Records from a collection:
▼

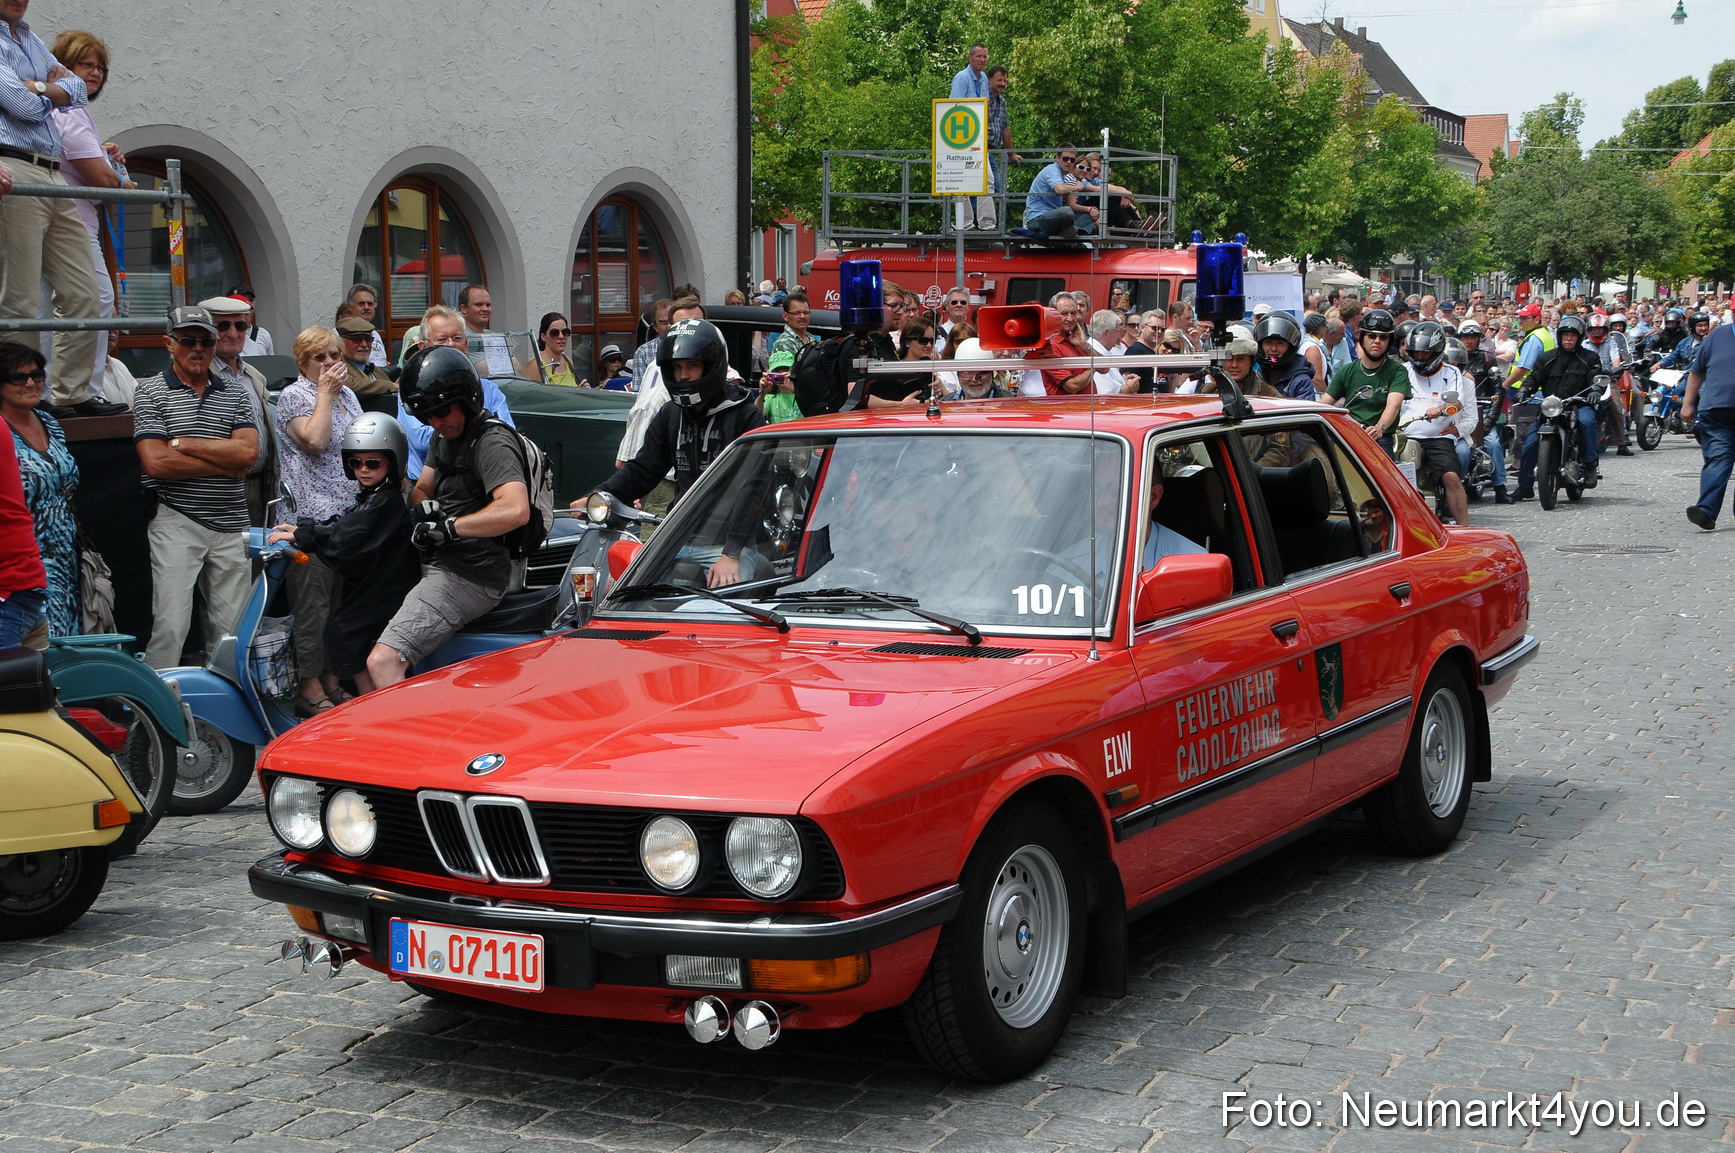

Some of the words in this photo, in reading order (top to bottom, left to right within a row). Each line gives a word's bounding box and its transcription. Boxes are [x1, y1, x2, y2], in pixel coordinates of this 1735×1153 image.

[951, 116, 969, 139] H
[824, 289, 840, 301] Ko
[1012, 584, 1085, 618] 10/1
[1175, 669, 1277, 739] FEUERWEHR
[1102, 730, 1132, 779] ELW
[1176, 708, 1281, 783] CADOLZBURG
[396, 952, 404, 963] D
[409, 928, 426, 969] N
[449, 934, 539, 984] 07110
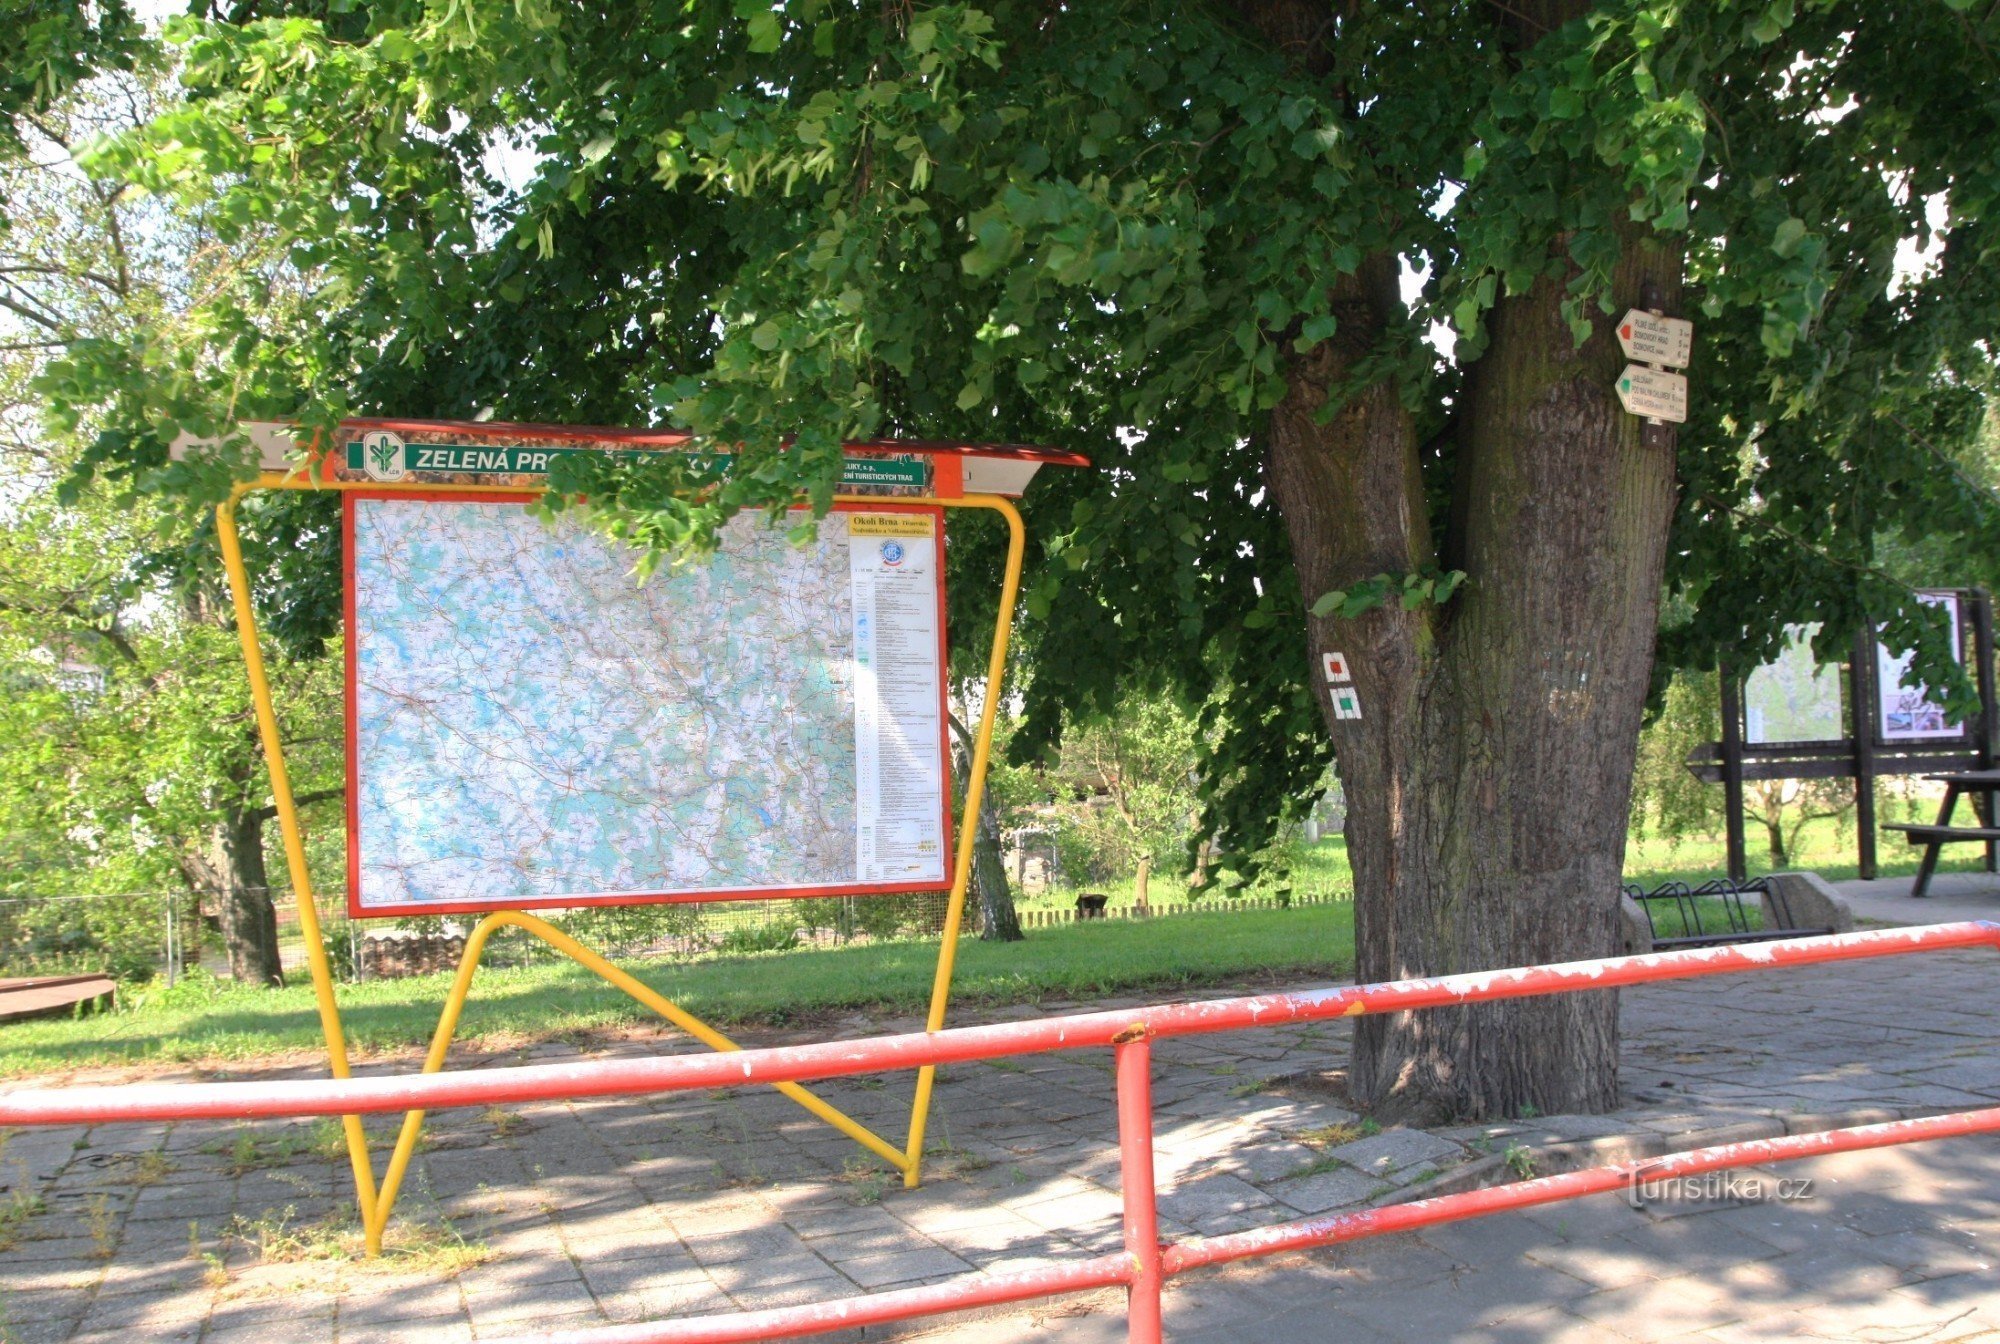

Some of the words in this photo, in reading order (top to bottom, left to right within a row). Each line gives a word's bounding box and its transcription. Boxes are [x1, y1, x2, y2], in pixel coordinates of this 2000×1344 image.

[416, 447, 509, 470] ZELENÁ
[516, 452, 561, 471] PR
[855, 472, 897, 481] TURISTICKÝCH
[897, 474, 913, 482] TRAS
[854, 517, 876, 525] Okolí
[878, 517, 898, 526] Brna

▲

Action item: Give back the records above exactly. Pictures stay out.

Completed task:
Some of the words in this photo, in reading order (top to bottom, left to right within a row). Each line gives a word's bounding box and its transcription. Boxes are [x1, y1, x2, y2], in pixel coordinates of this 1735×1153 image.

[951, 116, 969, 139] H
[824, 289, 840, 301] Ko
[1012, 584, 1085, 618] 10/1
[1175, 669, 1277, 739] FEUERWEHR
[1102, 730, 1132, 779] ELW
[1176, 708, 1281, 783] CADOLZBURG
[396, 952, 404, 963] D
[409, 928, 426, 969] N
[449, 934, 539, 984] 07110

Some of the words in this photo, in reading order (top to bottom, left to right within a row). Each line gives a word's bounding box and its transcription. Boxes are [x1, y1, x2, y2], in pixel coordinates of this 2000×1344 image.

[416, 447, 509, 470] ZELENÁ
[516, 452, 561, 471] PR
[855, 472, 897, 481] TURISTICKÝCH
[897, 474, 913, 482] TRAS
[854, 517, 876, 525] Okolí
[878, 517, 898, 526] Brna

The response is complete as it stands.